Boxplots of the difference in mean dose (DMEAN ) for the heart and lung for all four models. The box represents the lower Q1 and upper Q3 quartiles and the whiskers represent the minimum and maximum values, excluding outliers. The median is represented by the horizontal line within the box and the mean by the white dot.

Figure 5 highlights the largest differences in model performance. Here we see that the Glowing GW-MSE model outperforms the other three models with a mean error in mean dose for the tumor bed contour of −0.01% ± 1.60. This plot indicates that the Glowing GW-MSE model is much more accurate than the other models in the high dose regions where the tumor bed contour will inevitably lie.

Figure 5.

Figure 5.

Box plots of the difference in mean dose (DMEAN) for tumor bed contours for all models, normalized to prescription (% Prescribed Dose). The box represents the lower Q1 and upper Q3 quartiles and the whiskers represent the minimum and maximum values, excluding outliers. The median is represented by the horizontal line within the box and the mean by the white dot.

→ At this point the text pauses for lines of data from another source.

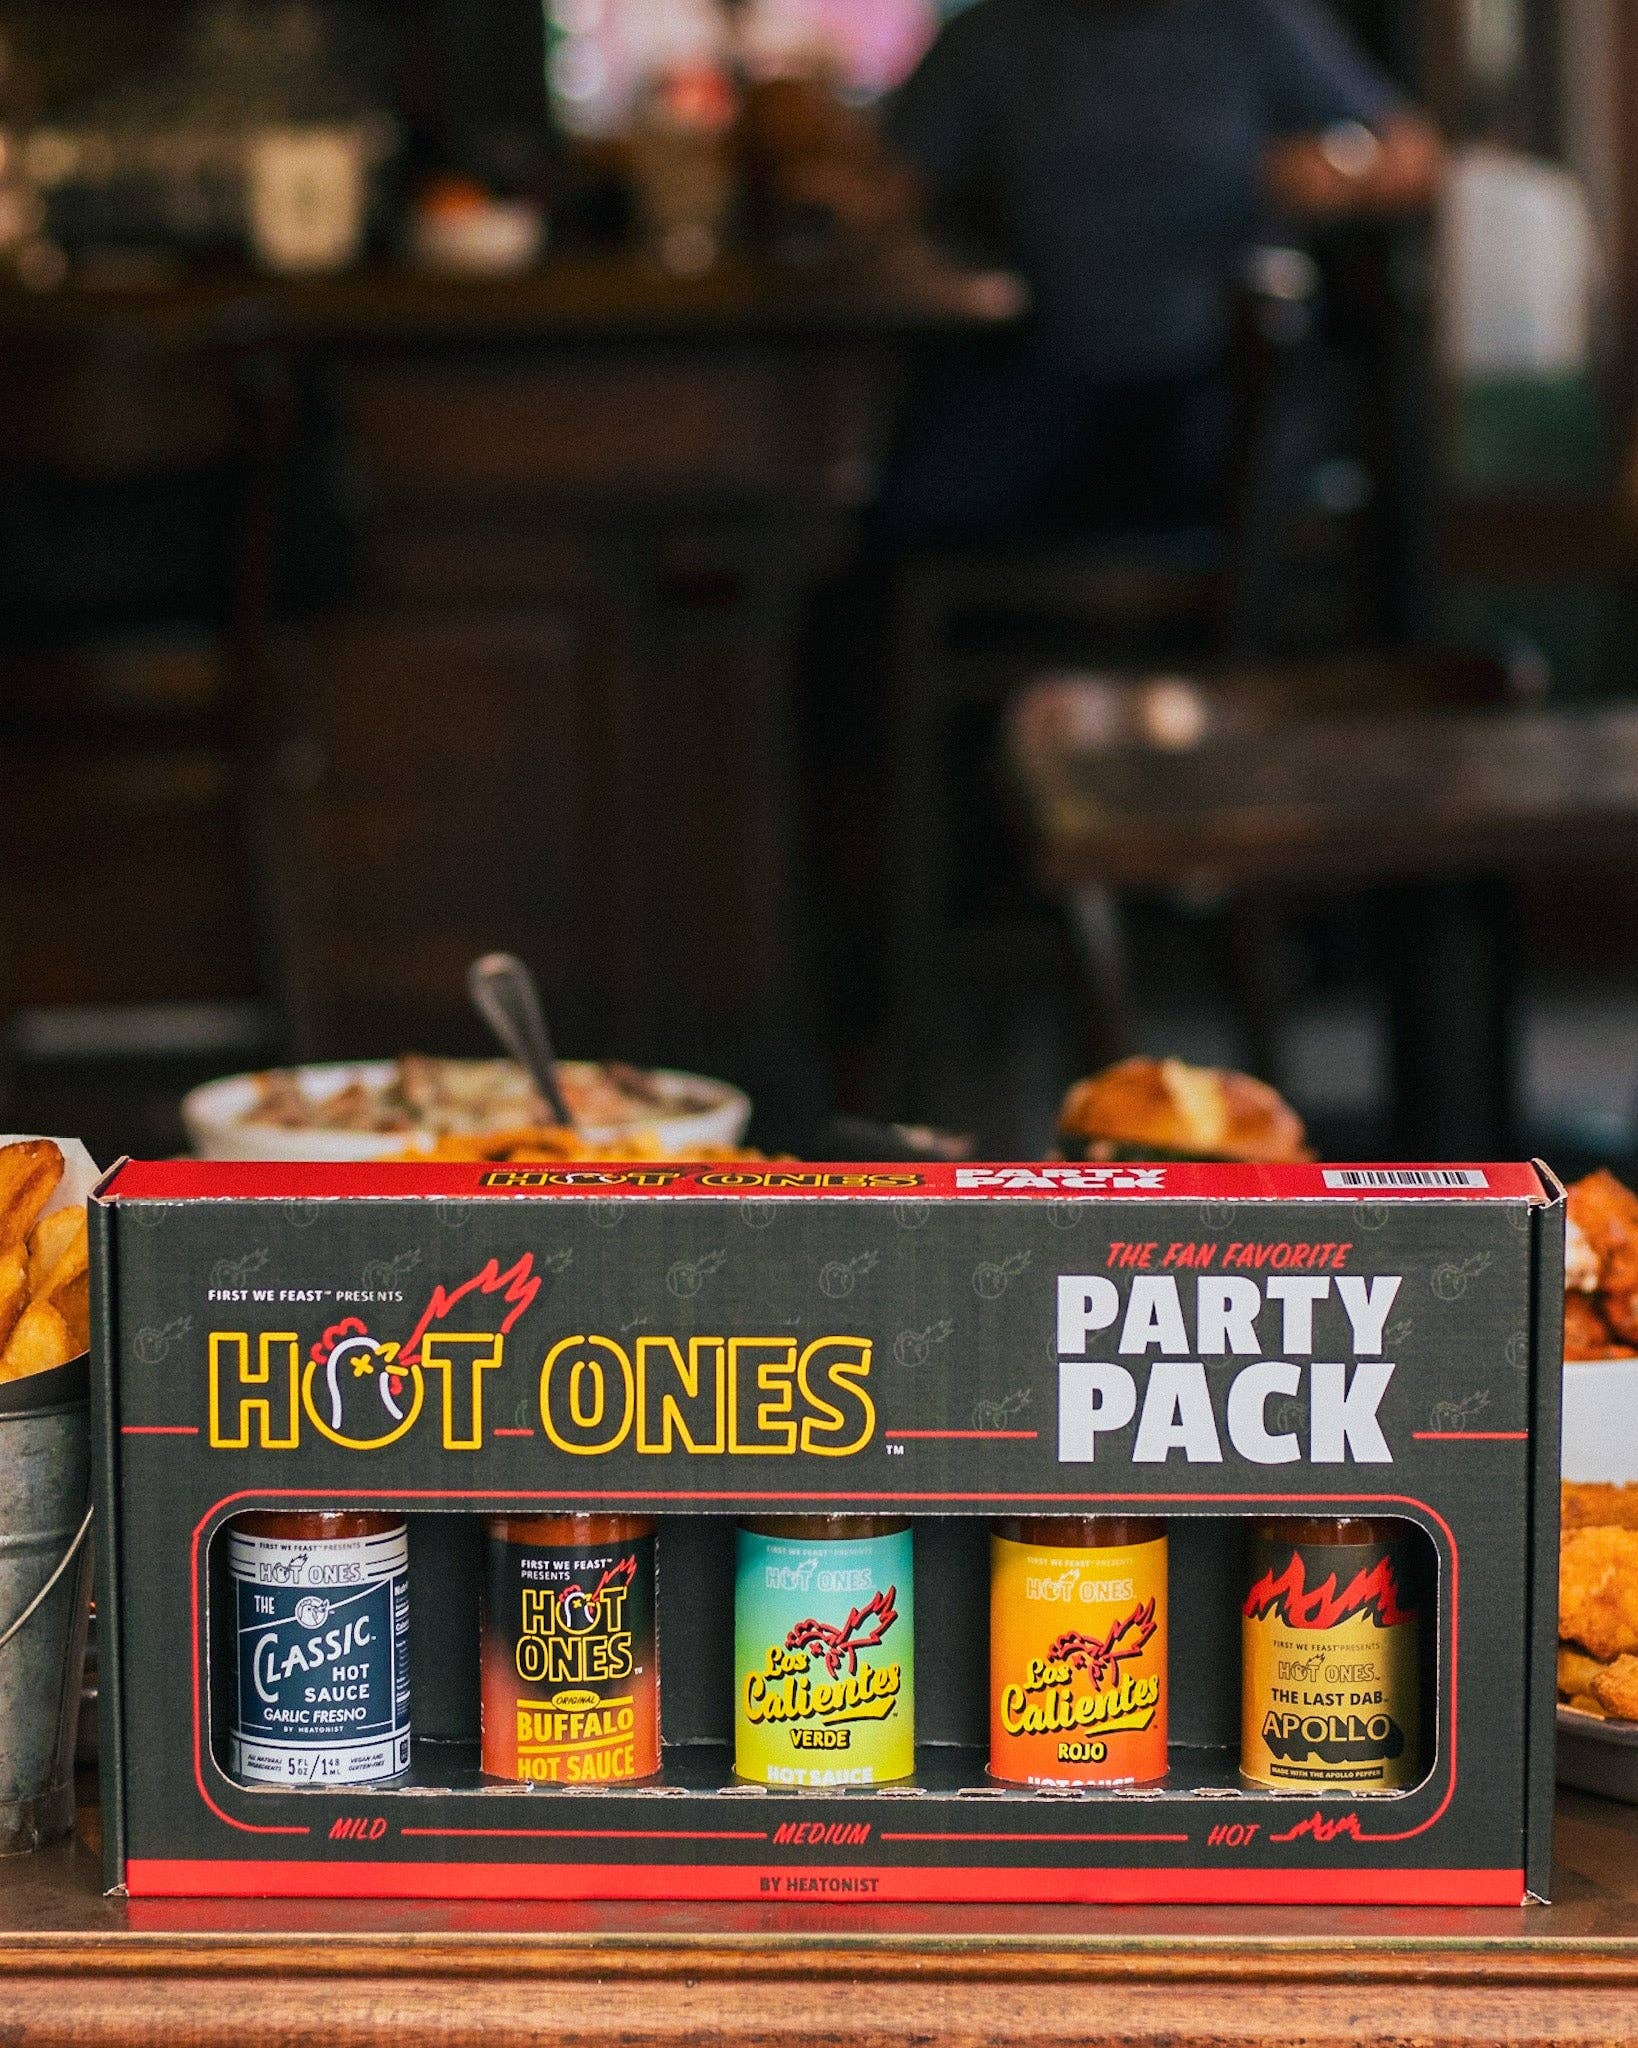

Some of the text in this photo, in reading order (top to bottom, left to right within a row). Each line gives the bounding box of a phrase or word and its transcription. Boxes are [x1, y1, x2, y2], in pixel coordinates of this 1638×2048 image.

[484, 1172, 919, 1187] HOT ONES
[956, 1168, 1168, 1178] PARTY
[956, 1177, 1166, 1189] PACK
[1106, 1242, 1353, 1269] THE FAN FAVORITE
[207, 1289, 248, 1302] FIRST
[252, 1289, 275, 1302] WE
[335, 1290, 404, 1303] PRESENTS
[1057, 1275, 1402, 1355] PARTY
[209, 1330, 876, 1457] HOT ONES
[1058, 1361, 1397, 1465] PACK
[259, 1542, 278, 1550] FIRST
[259, 1562, 361, 1585] HOT ONES
[521, 1559, 550, 1570] FIRST
[552, 1560, 571, 1570] WE
[521, 1570, 571, 1581] PRESENTS
[254, 1595, 275, 1615] THE
[522, 1587, 628, 1635] HOT
[1274, 1640, 1293, 1649] FIRST
[1296, 1643, 1308, 1651] WE
[254, 1615, 370, 1704] CLASSIC
[516, 1632, 634, 1683] ONES
[765, 1645, 808, 1678] Los
[332, 1663, 370, 1682] HOT
[1025, 1658, 1072, 1691] Los
[1279, 1660, 1375, 1683] HOT ONES
[304, 1683, 370, 1703] SAUCE
[556, 1695, 596, 1705] ORIGINAL
[743, 1663, 900, 1723] Calientes
[1002, 1673, 1159, 1735] Calientes
[1272, 1688, 1382, 1706] THE LAST DAB
[263, 1706, 367, 1725] GARLIC FRESNO
[517, 1708, 635, 1743] BUFFALO
[283, 1726, 344, 1734] BY HEATONIST
[1263, 1711, 1391, 1744] APOLLO
[790, 1729, 850, 1750] VERDE
[1057, 1742, 1107, 1761] ROJO
[518, 1744, 636, 1783] HOT SAUCE
[767, 1765, 873, 1787] HOT SAUCE
[328, 1817, 388, 1840] MILD
[772, 1822, 871, 1845] MEDIUM
[1207, 1824, 1260, 1847] HOT
[760, 1877, 879, 1892] BY HEATONIST

Figure 6 shows the Dice similarity coefficient (DSC) for isodose volumes ranging from 0 to 100% prescribed dose. A DSC score of 1 indicates perfect agreement between clinical and predicted dose at any given isodose threshold, with lower scores indicating decreasing agreement. We can see from Figure 6 that all models perform equivalently for dose values between 30% and 70% prescribed dose. Above 70% prescribed dose, the model performance diverges with the Glowing GW-MSE model showing the best performance in these high dose regions with a median DSC of 0.87 for the 95% isodose volume.

Figure 6.

Figure 6.

DSC for all models as a function of isodose threshold. Here, we have plotted the median DSC score over all patient plans.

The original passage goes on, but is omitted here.